Underground Economy - Interactive scenarios for an improvising Afro-Cuban trio

David A. Jaffe (2007, revised 2017)

ABSTRACT: This paper describes the techniques, mappings and algorithms used in the author’s composition “Underground Economy – frameworks for improvisation,” written for the Durán/Schloss/Mitri trio in 2006. A video of the work can be found at www.davidajaffe.com/music/underground-economy

Introduction

The goal of the work “Underground Economy” was to create a structured improvisation, in which all three instruments: the piano, the violin and the RadioDrum, are sending data to the computer. The computer then combines these inputs into an electronic audio response. The title of the piece stems from the notion of passing information “under the table” to the computer.
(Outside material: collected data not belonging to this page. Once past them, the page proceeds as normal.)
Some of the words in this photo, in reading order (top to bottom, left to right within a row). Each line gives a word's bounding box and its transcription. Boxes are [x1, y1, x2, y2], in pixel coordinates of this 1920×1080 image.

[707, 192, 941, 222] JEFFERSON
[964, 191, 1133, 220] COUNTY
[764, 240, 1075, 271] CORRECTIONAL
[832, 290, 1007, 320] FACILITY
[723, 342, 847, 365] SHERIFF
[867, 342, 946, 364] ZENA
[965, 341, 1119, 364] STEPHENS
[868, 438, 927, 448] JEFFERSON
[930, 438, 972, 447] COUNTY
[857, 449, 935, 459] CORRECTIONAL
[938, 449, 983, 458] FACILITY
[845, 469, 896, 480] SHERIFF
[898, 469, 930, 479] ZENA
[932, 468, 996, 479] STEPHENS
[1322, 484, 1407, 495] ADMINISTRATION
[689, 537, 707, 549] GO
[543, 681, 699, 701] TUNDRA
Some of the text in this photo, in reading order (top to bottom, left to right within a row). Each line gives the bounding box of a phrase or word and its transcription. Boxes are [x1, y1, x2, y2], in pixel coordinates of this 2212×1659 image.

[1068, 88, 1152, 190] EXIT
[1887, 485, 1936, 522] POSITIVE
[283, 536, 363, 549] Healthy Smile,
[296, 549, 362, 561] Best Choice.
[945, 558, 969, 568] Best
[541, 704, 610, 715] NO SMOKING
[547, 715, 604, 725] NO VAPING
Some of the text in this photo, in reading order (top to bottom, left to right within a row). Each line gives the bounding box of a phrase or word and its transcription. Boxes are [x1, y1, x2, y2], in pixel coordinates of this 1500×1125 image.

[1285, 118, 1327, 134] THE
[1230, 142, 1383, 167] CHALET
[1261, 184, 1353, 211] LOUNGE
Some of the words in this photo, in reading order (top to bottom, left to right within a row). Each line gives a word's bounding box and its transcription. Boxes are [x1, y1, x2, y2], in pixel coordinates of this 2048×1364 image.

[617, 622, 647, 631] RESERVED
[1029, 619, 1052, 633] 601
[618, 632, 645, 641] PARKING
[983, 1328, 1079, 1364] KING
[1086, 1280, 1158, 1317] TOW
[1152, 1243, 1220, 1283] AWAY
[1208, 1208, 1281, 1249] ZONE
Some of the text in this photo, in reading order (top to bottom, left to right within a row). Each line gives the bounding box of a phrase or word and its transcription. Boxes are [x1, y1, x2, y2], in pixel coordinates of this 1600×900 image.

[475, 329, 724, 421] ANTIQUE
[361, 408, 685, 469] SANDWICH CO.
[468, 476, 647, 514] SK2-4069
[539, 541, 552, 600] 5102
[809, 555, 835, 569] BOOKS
The piano is fitted with a physical sensor (Moog “Piano Bar”) that reports the pitches and velocities of the pianist via MIDI. The violin has a simple contact mike that is used for amplitude and pitch tracking. The RadioDrum features two sticks that act as radio transmitters and a drum pad that serves as a set of four antennas. The software uses the relative strength of the antennas to derive continuous X, Y and Z information for each stick independently, as well as to detect surface strikes.

From a compositional standpoint, perhaps the most interesting aspect of the piece was the challenge of writing a fully-improvised piece that has a distinct composer-specified identity, yet leaves a great deal to the musical personalities of the performers. This goal was accomplished by a combination of custom software that describes a series of interactive “schemes” and a score that dictates general directions to the players, such as style, range, dynamics and key center. Thus, the music has an “economy of specification,” another meaning of the title.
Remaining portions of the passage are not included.